6: Classification of Periodontal Diseases

Chapter 6

Classification of Periodontal Diseases

Aim

This chapter aims to explain the necessity for classification systems and how such systems have evolved in periodontology to the present day. The faults with existing systems will be highlighted and a simplified classification proposed for general dental practice.

Outcome

The outcome of reading this chapter should be that the practitioner understands the chronological relationship between old and current diagnostic terms in periodontology, and is able to introduce a logical system of classification into their own clinical practice.

Why Do We Need Classification Systems?

This chapter is the simplest in the book in terms of concepts, but proved the hardest to write, owing to the broad controversy that surrounds classification systems for periodontal diseases.
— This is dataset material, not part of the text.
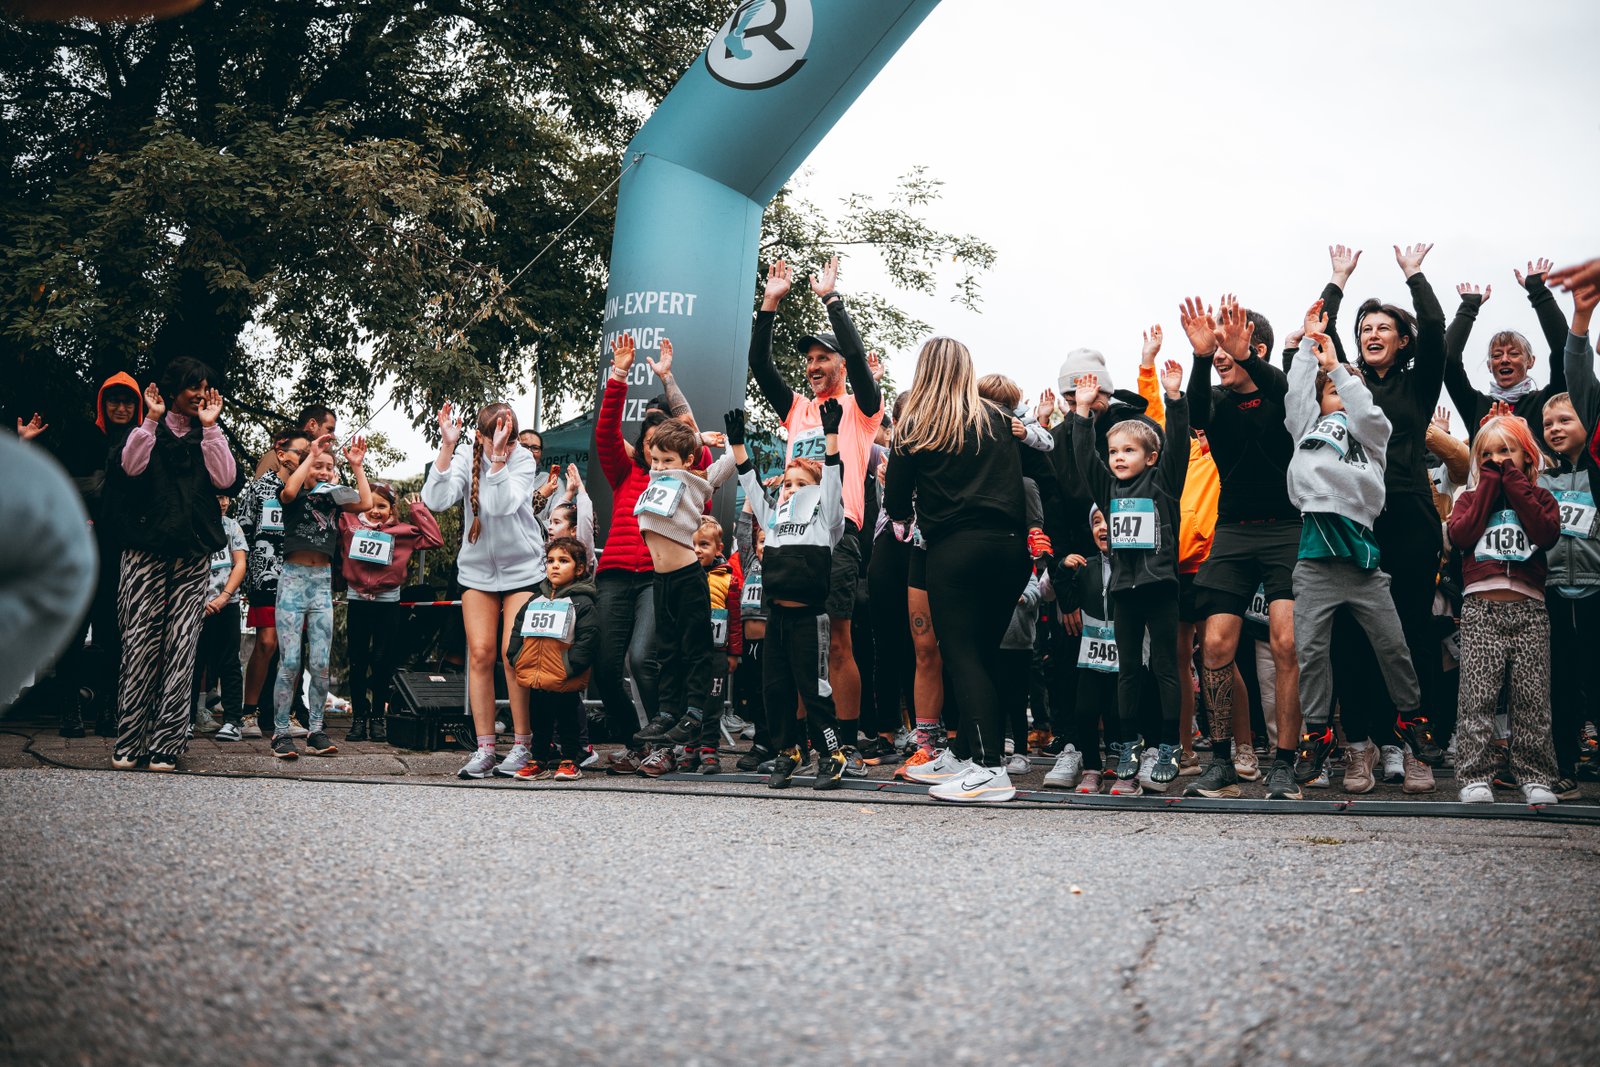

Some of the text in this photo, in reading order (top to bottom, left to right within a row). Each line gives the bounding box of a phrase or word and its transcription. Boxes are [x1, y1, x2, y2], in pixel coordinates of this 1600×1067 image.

Traditionally, classification systems were simple. Owing to a paucity of knowledge and evidence from research, little was known about these diseases and thus simple terms were applied, by necessity. During the 1970s, 1980s and early 1990s, research into periodontal diseases exploded and our knowledge base broadened dramatically. The classification categories of the 1970s, 1980s and early 1990s therefore expanded to encompass new diseases for which there was putative evidence, based largely on case reports. However, there are important differences between having knowledge and having understanding. As a consequence (as with most things in the modern world), the wheel has turned almost full circle and the 1999 International Workshop on Periodontal Disease Classification has re-reduced the number of common disease categories – reflecting our lack of genuine understanding of these complex diseases and what differentiates them – and increased the number of less-common disease categories.

Classification systems are essential, largely because without them it is not possible to arrive at an informed diagnosis. Without a robust diagnosis, appropriate therapy cannot be implemented. Classification systems also:

  • Direct research aimed at learning more about the diseases concerned.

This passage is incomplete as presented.